Could the records be returned exactly, with the pictures left out?

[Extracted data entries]

--- START ---

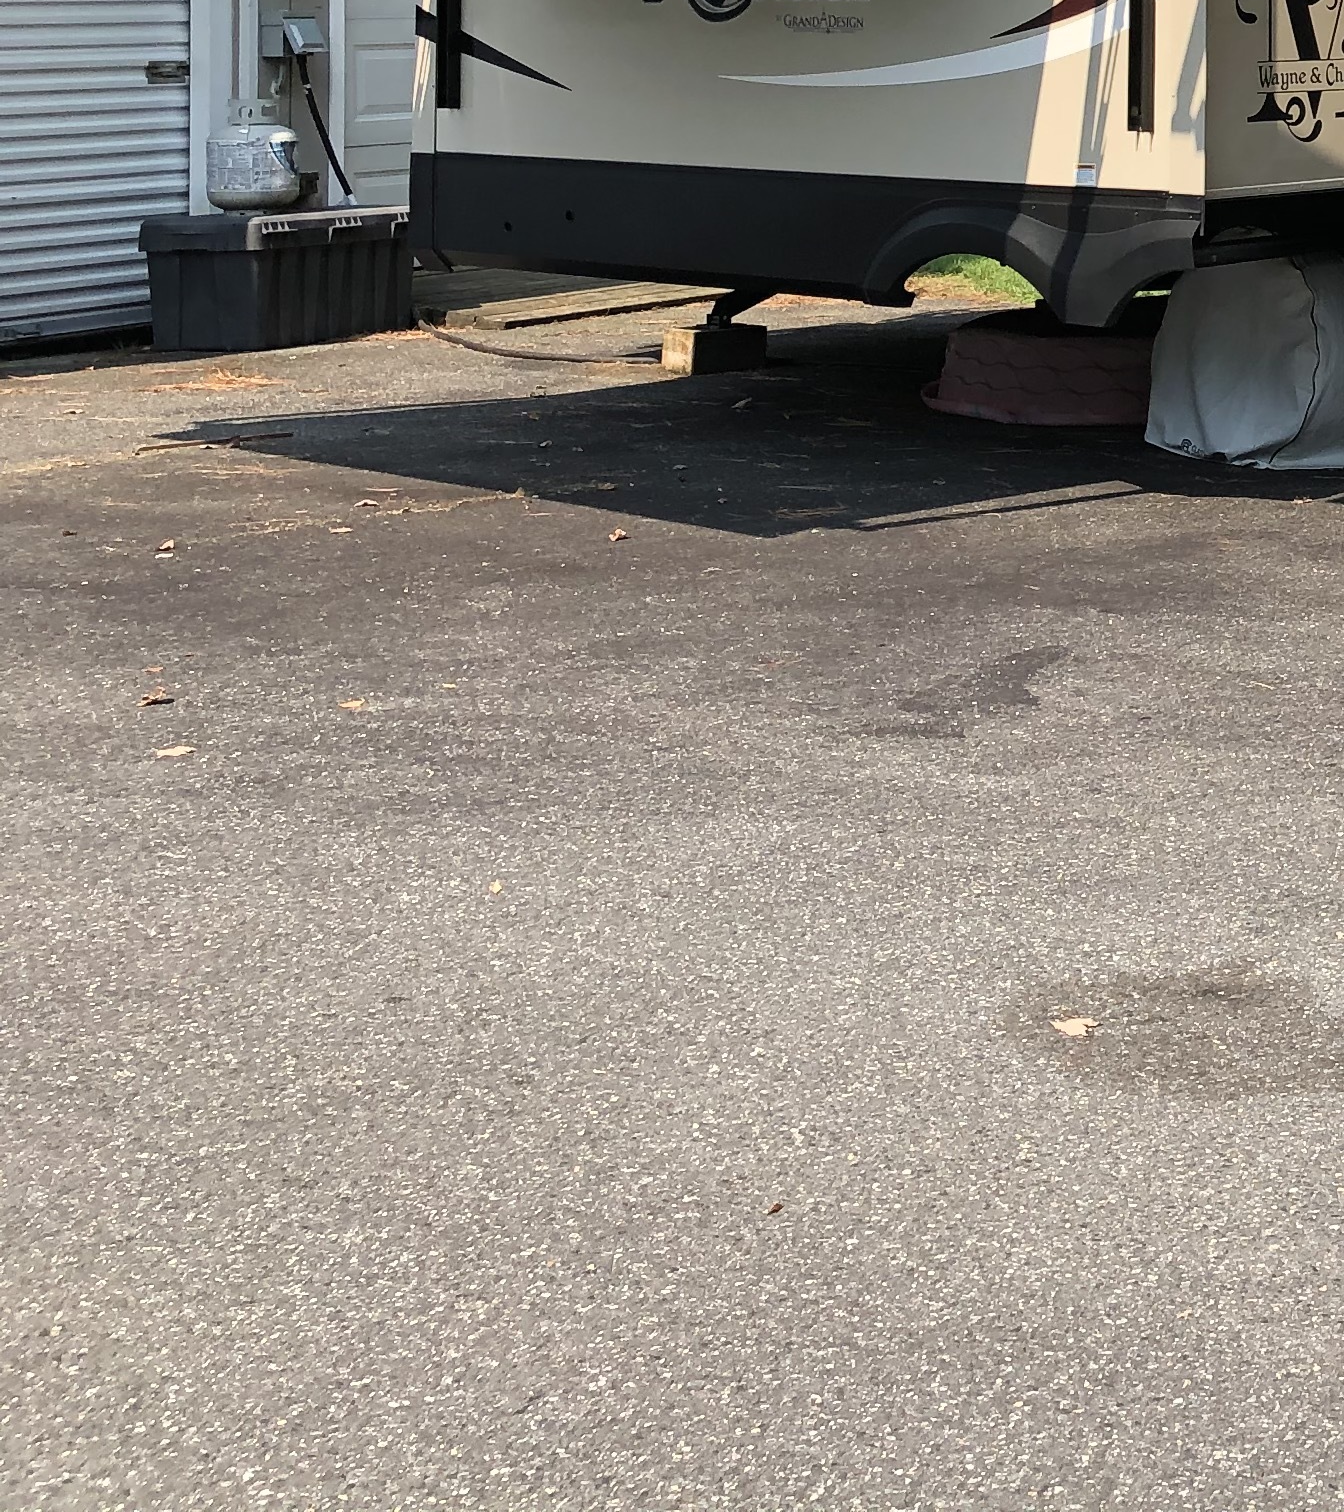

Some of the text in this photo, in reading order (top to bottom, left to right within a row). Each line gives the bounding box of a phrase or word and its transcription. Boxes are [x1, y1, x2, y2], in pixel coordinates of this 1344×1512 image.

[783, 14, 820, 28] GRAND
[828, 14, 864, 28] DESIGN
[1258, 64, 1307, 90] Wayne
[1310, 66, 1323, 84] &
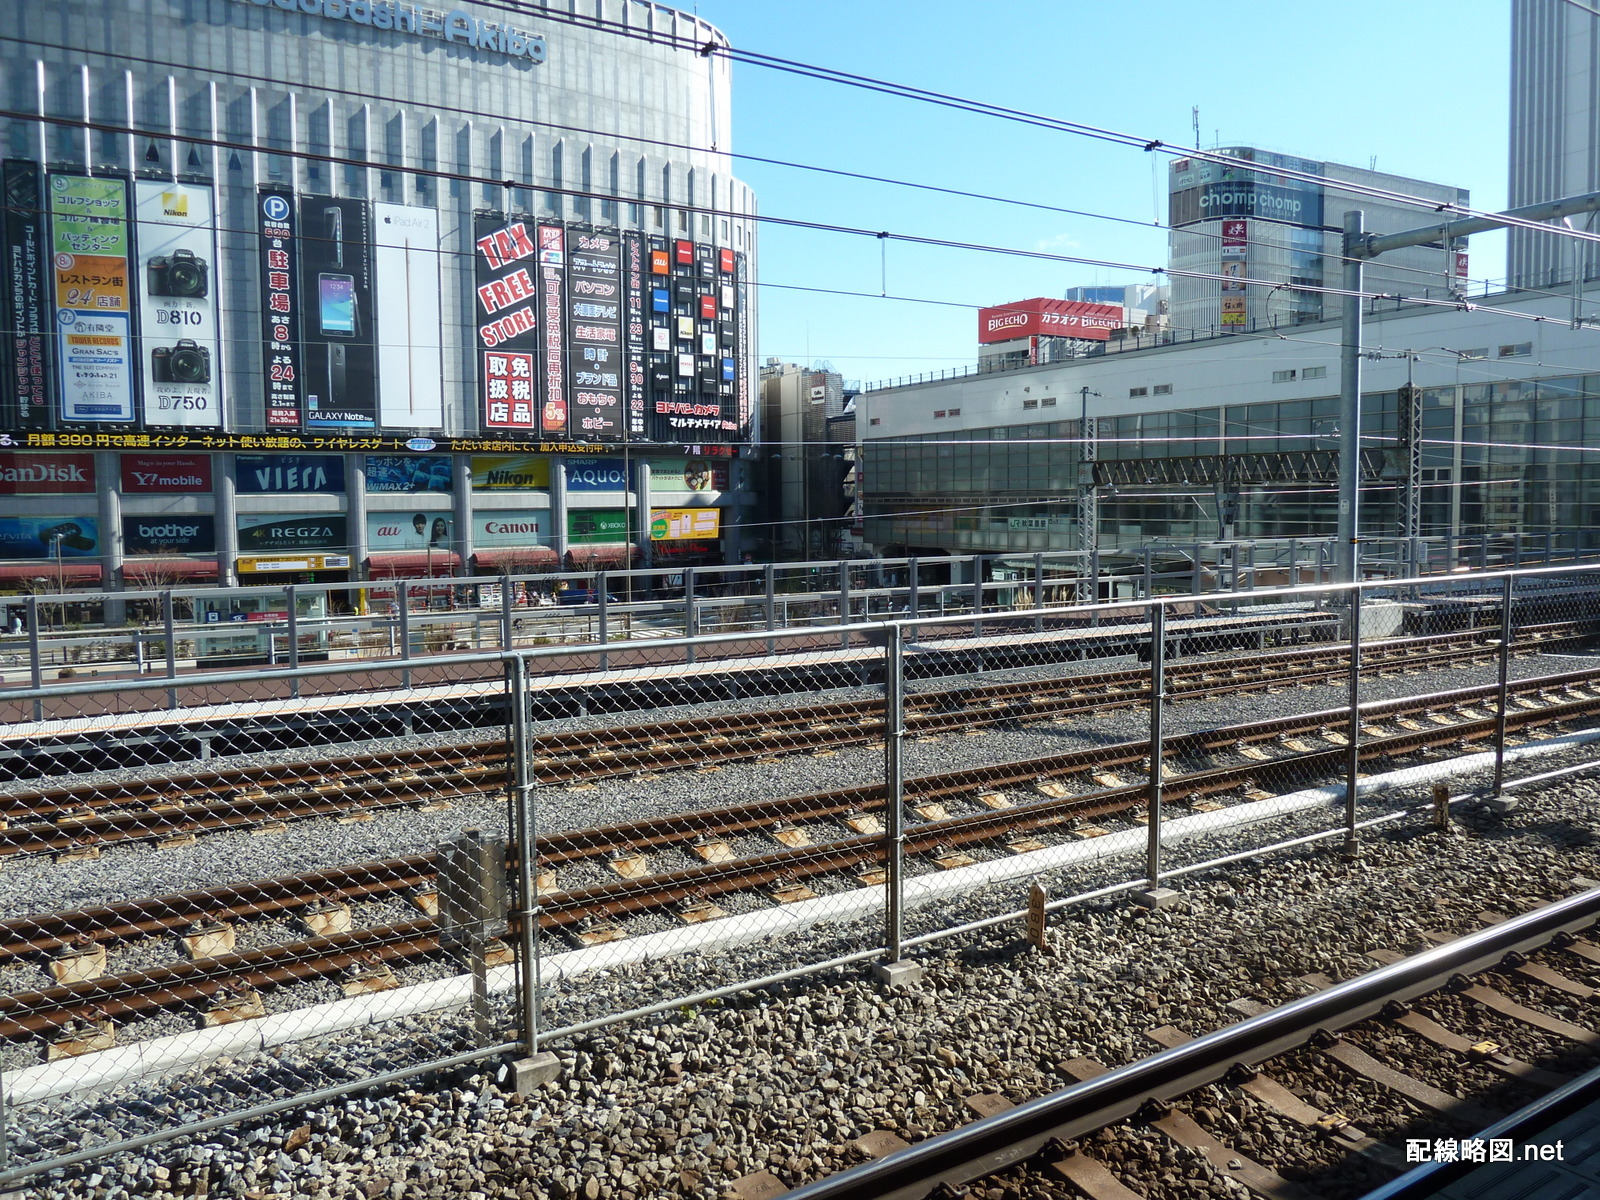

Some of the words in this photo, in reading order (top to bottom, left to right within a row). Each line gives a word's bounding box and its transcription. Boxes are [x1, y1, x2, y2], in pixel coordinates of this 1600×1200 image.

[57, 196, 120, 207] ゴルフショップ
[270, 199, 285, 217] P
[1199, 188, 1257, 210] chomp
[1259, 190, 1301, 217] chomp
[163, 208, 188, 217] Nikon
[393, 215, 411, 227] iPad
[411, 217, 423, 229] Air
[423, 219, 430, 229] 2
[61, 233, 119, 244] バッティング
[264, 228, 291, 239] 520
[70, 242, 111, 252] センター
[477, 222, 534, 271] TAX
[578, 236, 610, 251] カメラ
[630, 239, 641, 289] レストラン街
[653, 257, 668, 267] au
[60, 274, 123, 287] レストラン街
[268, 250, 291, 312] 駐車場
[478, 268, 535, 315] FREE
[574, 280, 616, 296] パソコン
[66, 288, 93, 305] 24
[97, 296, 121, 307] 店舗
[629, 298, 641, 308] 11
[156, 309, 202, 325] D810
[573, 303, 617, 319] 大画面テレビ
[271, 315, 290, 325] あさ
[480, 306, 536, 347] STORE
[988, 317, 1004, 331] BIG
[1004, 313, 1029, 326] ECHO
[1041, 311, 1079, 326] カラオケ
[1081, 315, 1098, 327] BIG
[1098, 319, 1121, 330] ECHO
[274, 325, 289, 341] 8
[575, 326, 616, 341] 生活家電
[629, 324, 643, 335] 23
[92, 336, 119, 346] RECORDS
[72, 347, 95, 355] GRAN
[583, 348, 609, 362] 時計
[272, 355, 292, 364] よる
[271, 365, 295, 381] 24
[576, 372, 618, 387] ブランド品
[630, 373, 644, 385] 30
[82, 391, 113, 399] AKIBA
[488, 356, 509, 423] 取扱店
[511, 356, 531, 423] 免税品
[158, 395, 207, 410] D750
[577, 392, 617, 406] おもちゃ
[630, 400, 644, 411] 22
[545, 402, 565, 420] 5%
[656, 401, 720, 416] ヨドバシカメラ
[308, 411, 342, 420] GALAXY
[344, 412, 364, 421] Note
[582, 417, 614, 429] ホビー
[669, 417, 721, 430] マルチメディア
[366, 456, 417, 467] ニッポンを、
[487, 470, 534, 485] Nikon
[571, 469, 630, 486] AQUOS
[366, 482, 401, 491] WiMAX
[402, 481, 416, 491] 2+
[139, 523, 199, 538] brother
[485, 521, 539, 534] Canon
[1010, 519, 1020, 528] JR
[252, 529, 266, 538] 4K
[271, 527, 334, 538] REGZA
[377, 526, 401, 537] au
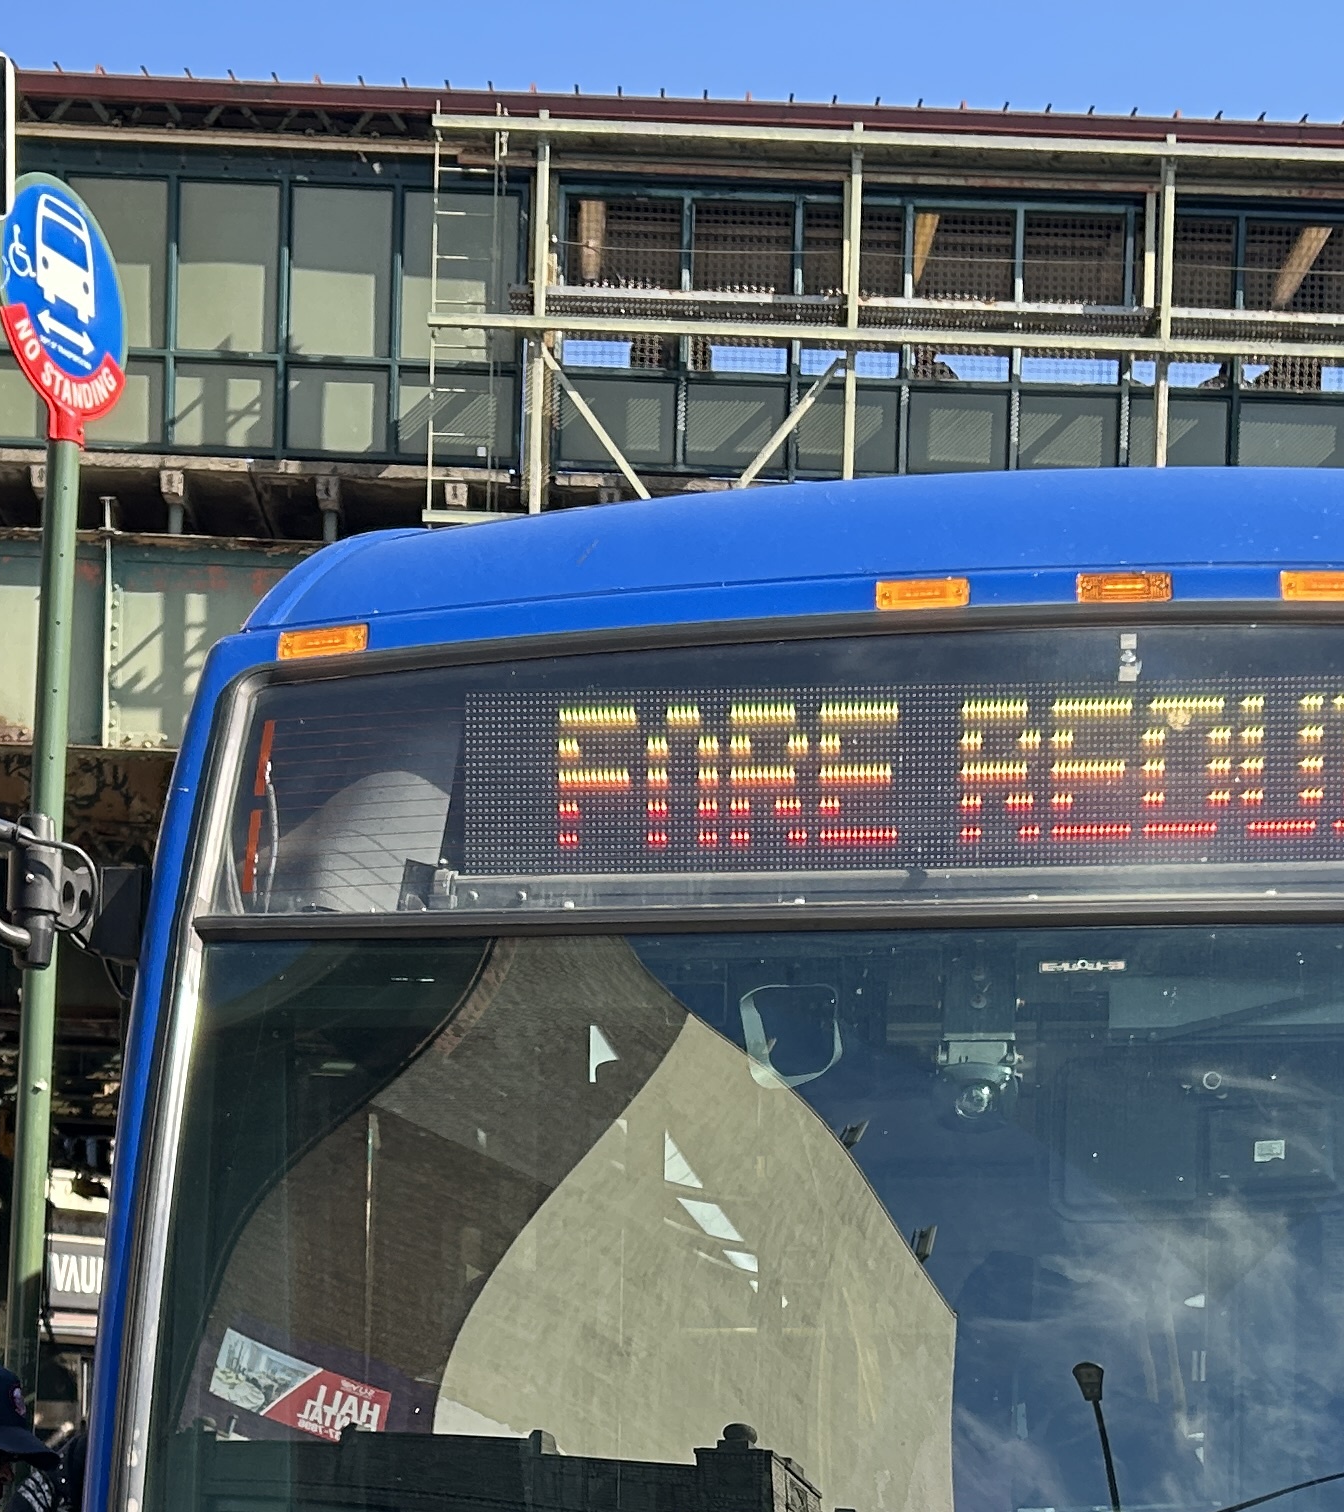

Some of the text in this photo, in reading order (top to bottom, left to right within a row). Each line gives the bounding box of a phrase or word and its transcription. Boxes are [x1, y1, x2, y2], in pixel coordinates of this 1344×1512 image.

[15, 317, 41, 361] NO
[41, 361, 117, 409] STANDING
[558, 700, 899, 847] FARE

--- END ---

Written reply |
Some of the text in this photo, in reading order (top to bottom, left to right within a row). Each line gives the bounding box of a phrase or word and its transcription. Boxes are [x1, y1, x2, y2], in pixel coordinates of this 1344×1512 image.

[783, 14, 820, 28] GRAND
[828, 14, 864, 28] DESIGN
[1258, 64, 1307, 90] Wayne
[1310, 66, 1323, 84] &

Some of the words in this photo, in reading order (top to bottom, left to right within a row). Each line gives a word's bounding box and its transcription. Boxes are [x1, y1, x2, y2], in pixel coordinates of this 1600×1200 image.

[57, 196, 120, 207] ゴルフショップ
[270, 199, 285, 217] P
[1199, 188, 1257, 210] chomp
[1259, 190, 1301, 217] chomp
[163, 208, 188, 217] Nikon
[393, 215, 411, 227] iPad
[411, 217, 423, 229] Air
[423, 219, 430, 229] 2
[61, 233, 119, 244] バッティング
[264, 228, 291, 239] 520
[70, 242, 111, 252] センター
[477, 222, 534, 271] TAX
[578, 236, 610, 251] カメラ
[630, 239, 641, 289] レストラン街
[653, 257, 668, 267] au
[60, 274, 123, 287] レストラン街
[268, 250, 291, 312] 駐車場
[478, 268, 535, 315] FREE
[574, 280, 616, 296] パソコン
[66, 288, 93, 305] 24
[97, 296, 121, 307] 店舗
[629, 298, 641, 308] 11
[156, 309, 202, 325] D810
[573, 303, 617, 319] 大画面テレビ
[271, 315, 290, 325] あさ
[480, 306, 536, 347] STORE
[988, 317, 1004, 331] BIG
[1004, 313, 1029, 326] ECHO
[1041, 311, 1079, 326] カラオケ
[1081, 315, 1098, 327] BIG
[1098, 319, 1121, 330] ECHO
[274, 325, 289, 341] 8
[575, 326, 616, 341] 生活家電
[629, 324, 643, 335] 23
[92, 336, 119, 346] RECORDS
[72, 347, 95, 355] GRAN
[583, 348, 609, 362] 時計
[272, 355, 292, 364] よる
[271, 365, 295, 381] 24
[576, 372, 618, 387] ブランド品
[630, 373, 644, 385] 30
[82, 391, 113, 399] AKIBA
[488, 356, 509, 423] 取扱店
[511, 356, 531, 423] 免税品
[158, 395, 207, 410] D750
[577, 392, 617, 406] おもちゃ
[630, 400, 644, 411] 22
[545, 402, 565, 420] 5%
[656, 401, 720, 416] ヨドバシカメラ
[308, 411, 342, 420] GALAXY
[344, 412, 364, 421] Note
[582, 417, 614, 429] ホビー
[669, 417, 721, 430] マルチメディア
[366, 456, 417, 467] ニッポンを、
[487, 470, 534, 485] Nikon
[571, 469, 630, 486] AQUOS
[366, 482, 401, 491] WiMAX
[402, 481, 416, 491] 2+
[139, 523, 199, 538] brother
[485, 521, 539, 534] Canon
[1010, 519, 1020, 528] JR
[252, 529, 266, 538] 4K
[271, 527, 334, 538] REGZA
[377, 526, 401, 537] au

Some of the text in this photo, in reading order (top to bottom, left to right within a row). Each line gives the bounding box of a phrase or word and its transcription. Boxes are [x1, y1, x2, y2], in pixel coordinates of this 1344×1512 image.

[15, 317, 41, 361] NO
[41, 361, 117, 409] STANDING
[558, 700, 899, 847] FARE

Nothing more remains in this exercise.